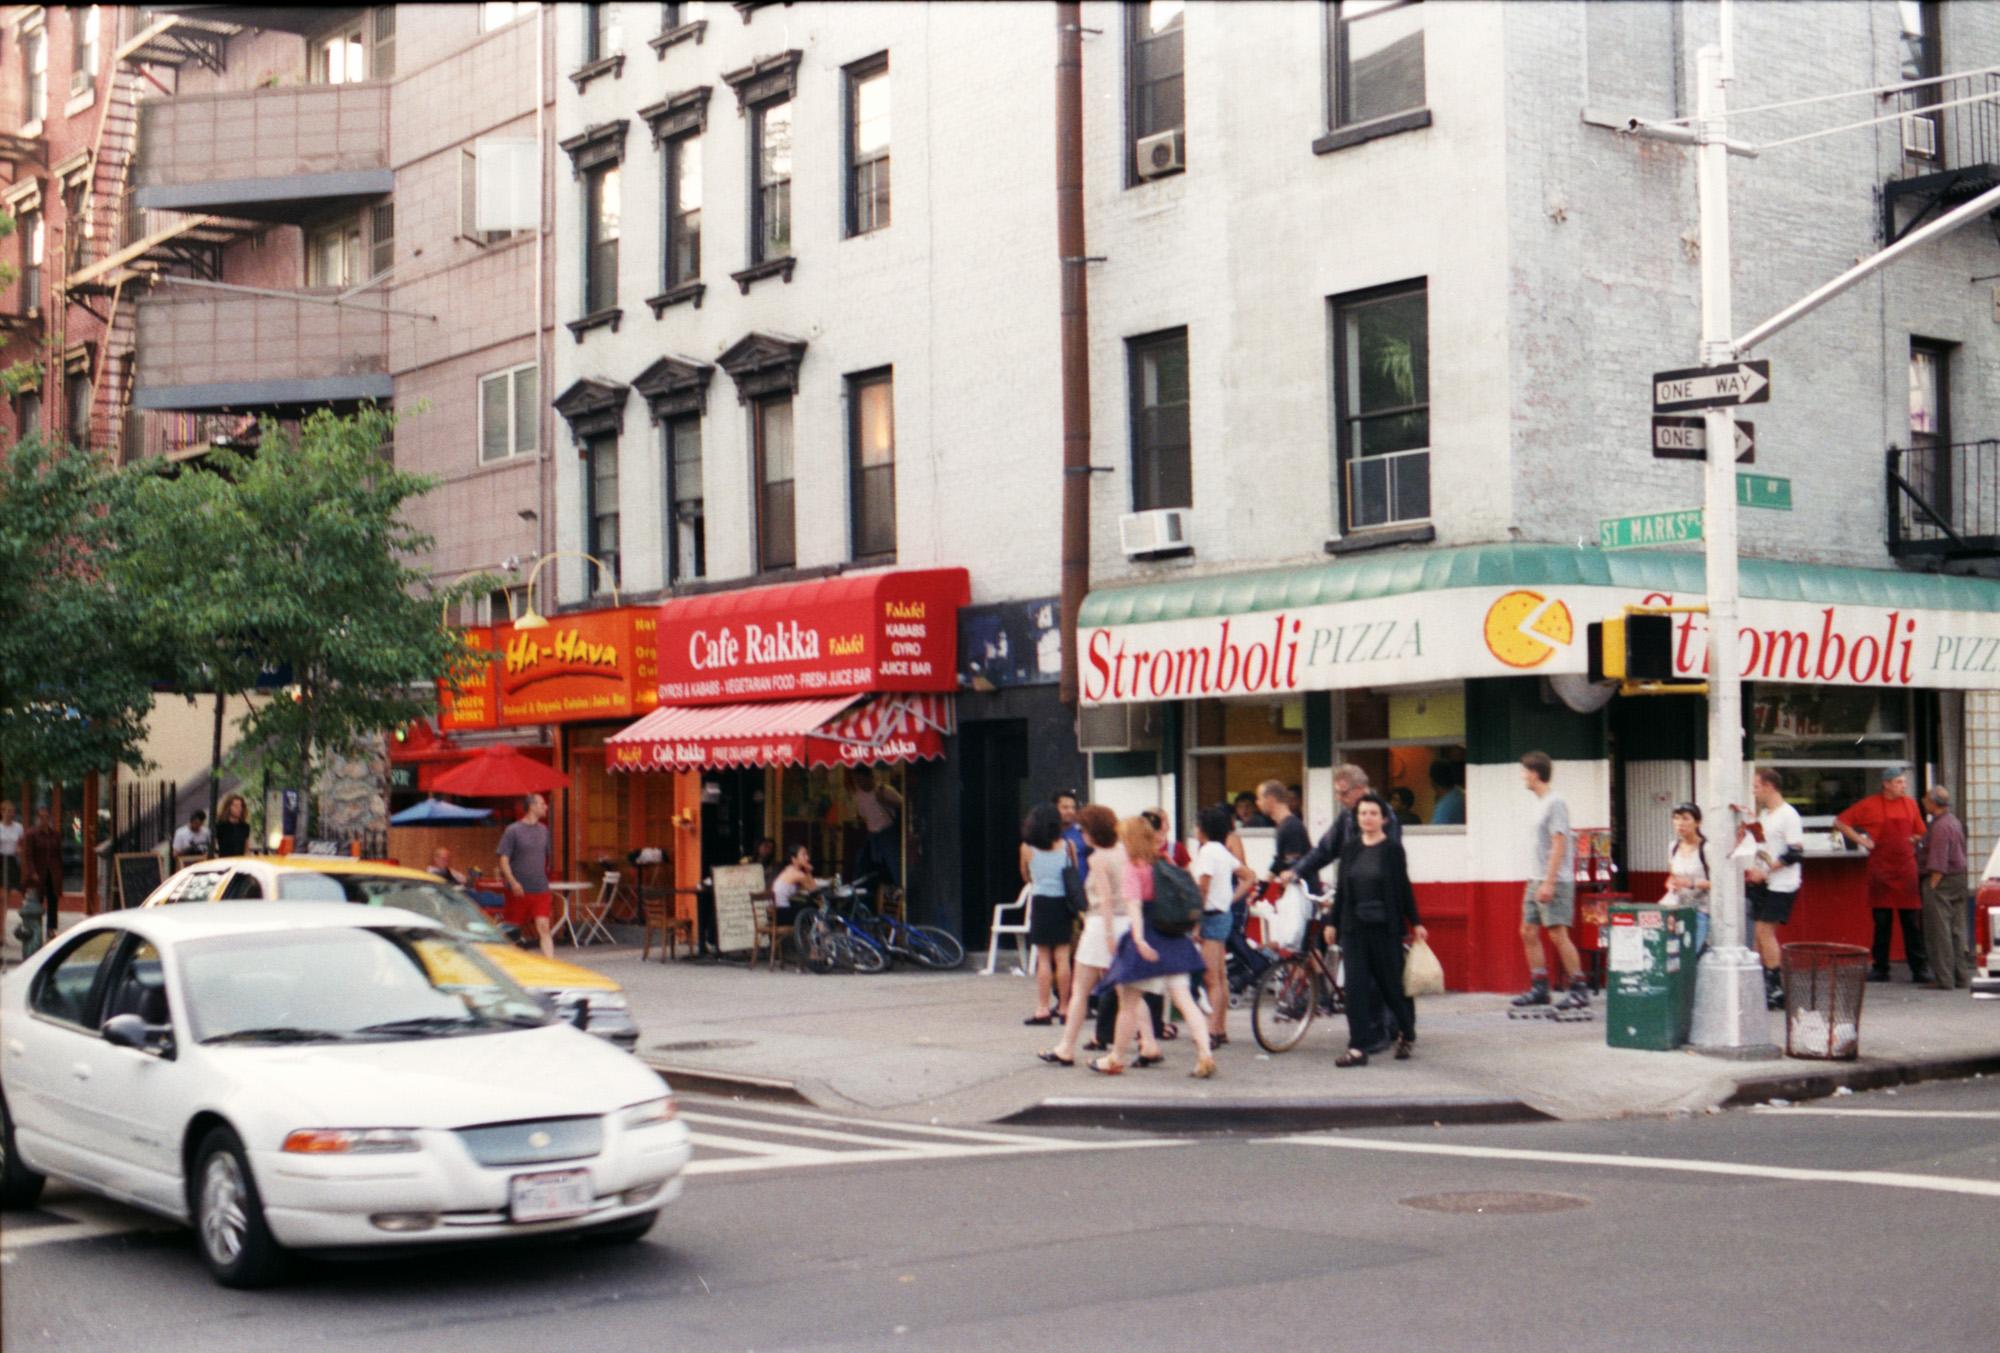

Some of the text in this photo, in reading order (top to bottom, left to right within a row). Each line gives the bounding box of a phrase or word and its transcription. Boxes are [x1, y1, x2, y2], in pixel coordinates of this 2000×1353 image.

[1661, 375, 1751, 401] ONE WAY
[1661, 428, 1693, 447] ONE
[1602, 521, 1619, 546] ST
[1630, 513, 1687, 543] MARKS
[885, 602, 926, 618] Falafel
[885, 623, 926, 638] KABABS
[505, 629, 618, 675] Ha-Hava
[689, 620, 864, 670] Cafe Rakka Falafel
[892, 643, 921, 656] GYRO
[1931, 635, 2000, 672] PIZZ
[879, 661, 931, 676] JUICE BAR
[1085, 613, 1424, 701] Stromboli PIZZA
[691, 681, 720, 697] KABABS
[724, 676, 771, 694] VEGETARIAN
[772, 674, 795, 690] FOOD
[800, 671, 828, 689] FRESH
[828, 668, 852, 686] JUICE
[853, 667, 872, 685] BAR
[652, 744, 673, 761] Cafe
[676, 743, 704, 761] Rakka
[839, 738, 916, 759] Cafe Rakka
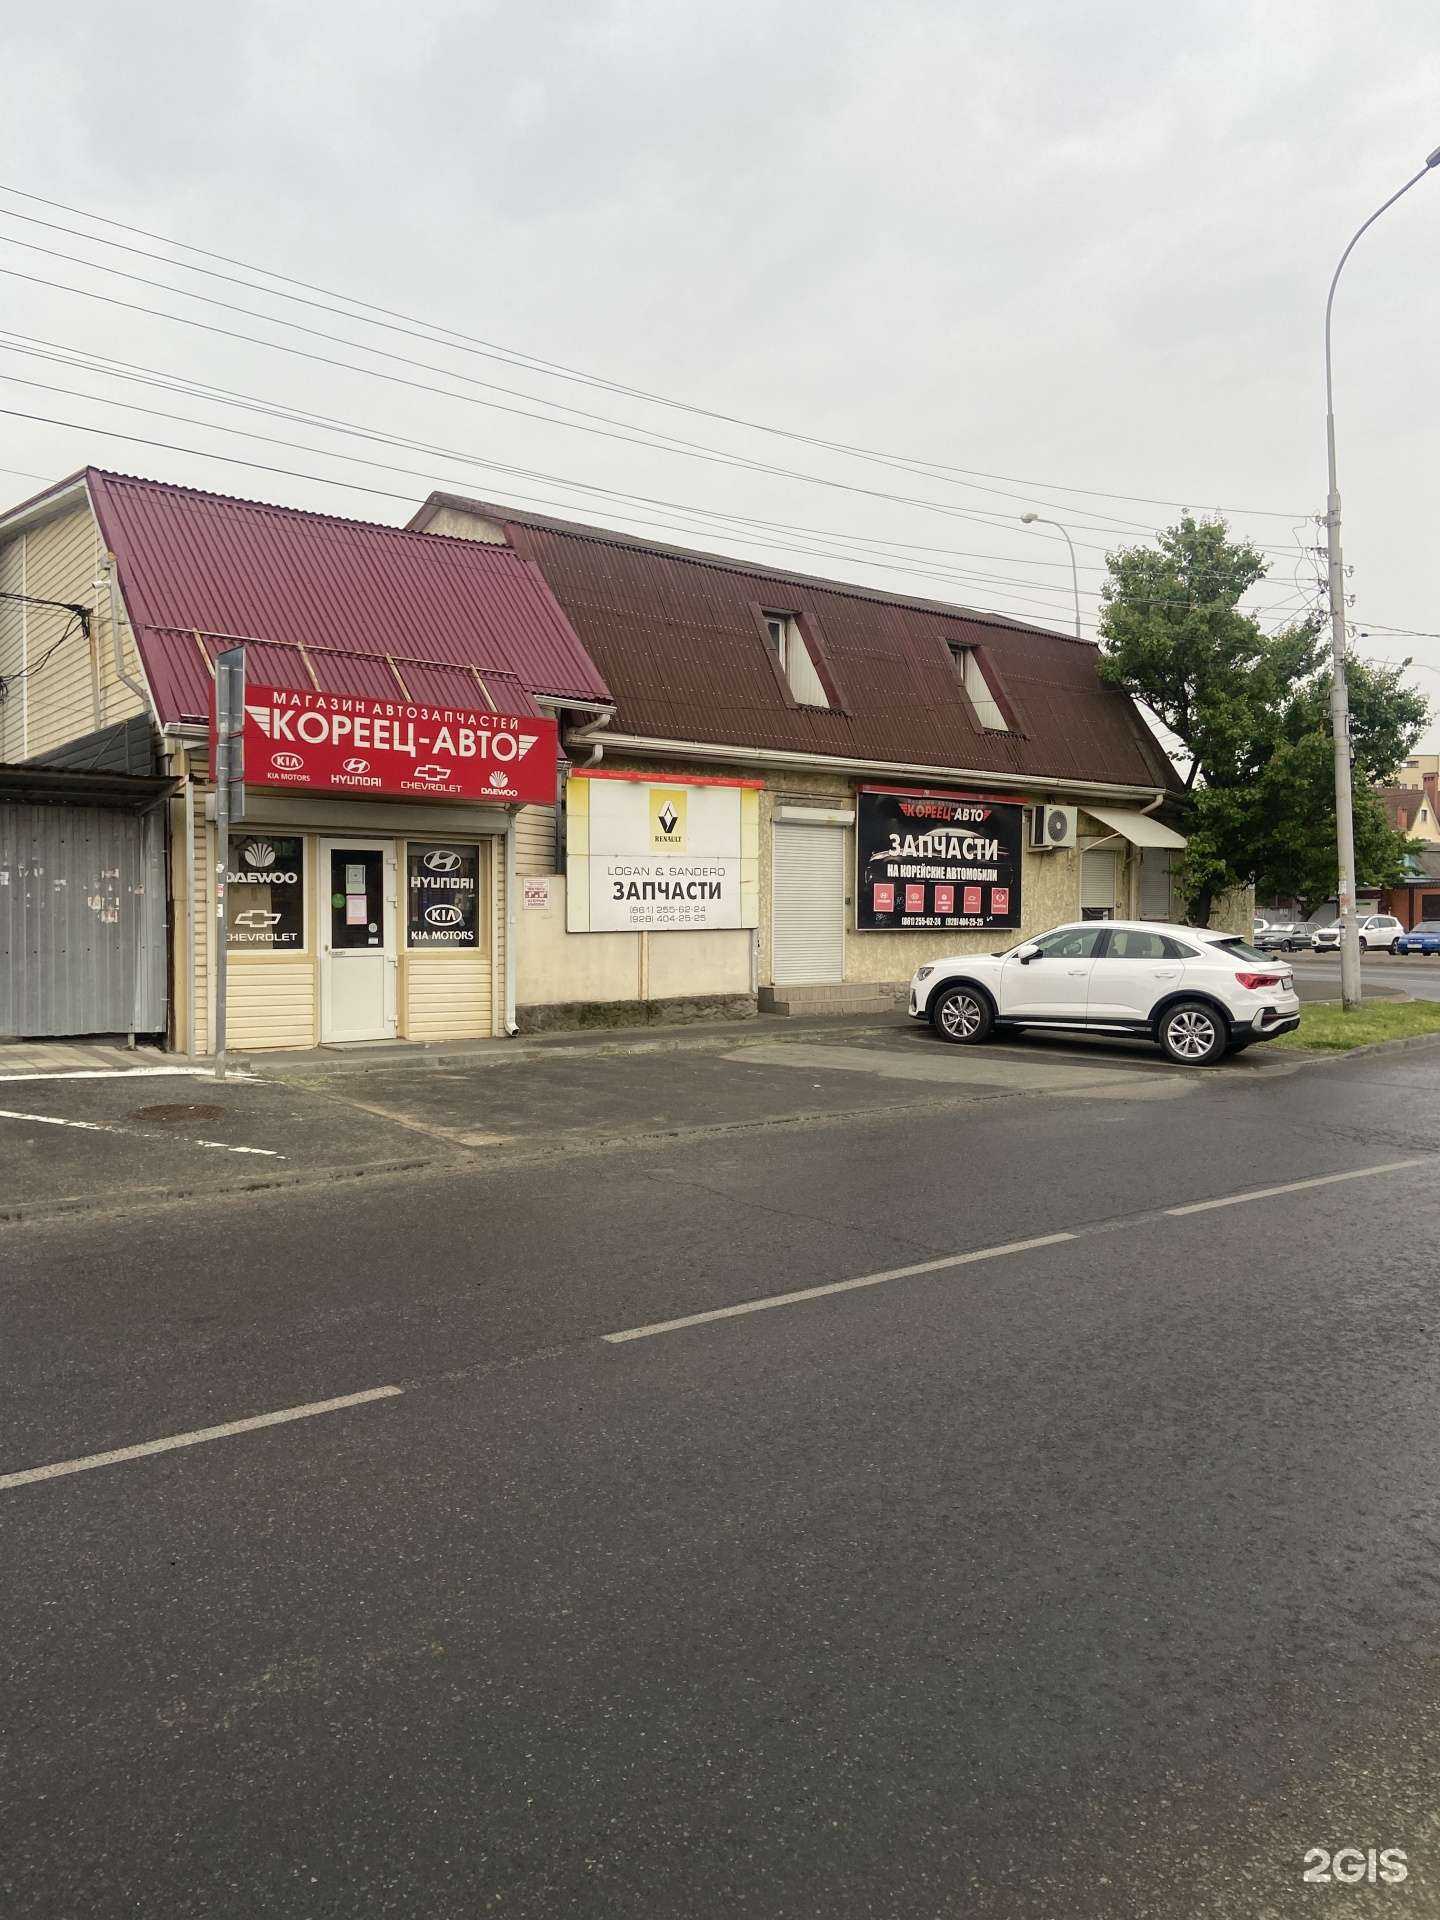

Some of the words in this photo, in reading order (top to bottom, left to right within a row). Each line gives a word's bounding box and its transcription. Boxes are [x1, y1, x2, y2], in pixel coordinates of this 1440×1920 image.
■ ■ ■
Restate each entry word for word; omit the pictures.

Some of the text in this photo, in reading order (top to bottom, left to right within a row). Each line gives the bounding box of a phrase or word and its transcription. Boxes are [x1, y1, x2, y2], in pixel coordinates of this 2000×1353 image.

[1661, 375, 1751, 401] ONE WAY
[1661, 428, 1693, 447] ONE
[1602, 521, 1619, 546] ST
[1630, 513, 1687, 543] MARKS
[885, 602, 926, 618] Falafel
[885, 623, 926, 638] KABABS
[505, 629, 618, 675] Ha-Hava
[689, 620, 864, 670] Cafe Rakka Falafel
[892, 643, 921, 656] GYRO
[1931, 635, 2000, 672] PIZZ
[879, 661, 931, 676] JUICE BAR
[1085, 613, 1424, 701] Stromboli PIZZA
[691, 681, 720, 697] KABABS
[724, 676, 771, 694] VEGETARIAN
[772, 674, 795, 690] FOOD
[800, 671, 828, 689] FRESH
[828, 668, 852, 686] JUICE
[853, 667, 872, 685] BAR
[652, 744, 673, 761] Cafe
[676, 743, 704, 761] Rakka
[839, 738, 916, 759] Cafe Rakka

Some of the words in this photo, in reading order (top to bottom, left to right within a row). Each line gives a word's bounding box and its transcription. Boxes are [x1, y1, x2, y2], in pixel coordinates of this 1440×1920 image.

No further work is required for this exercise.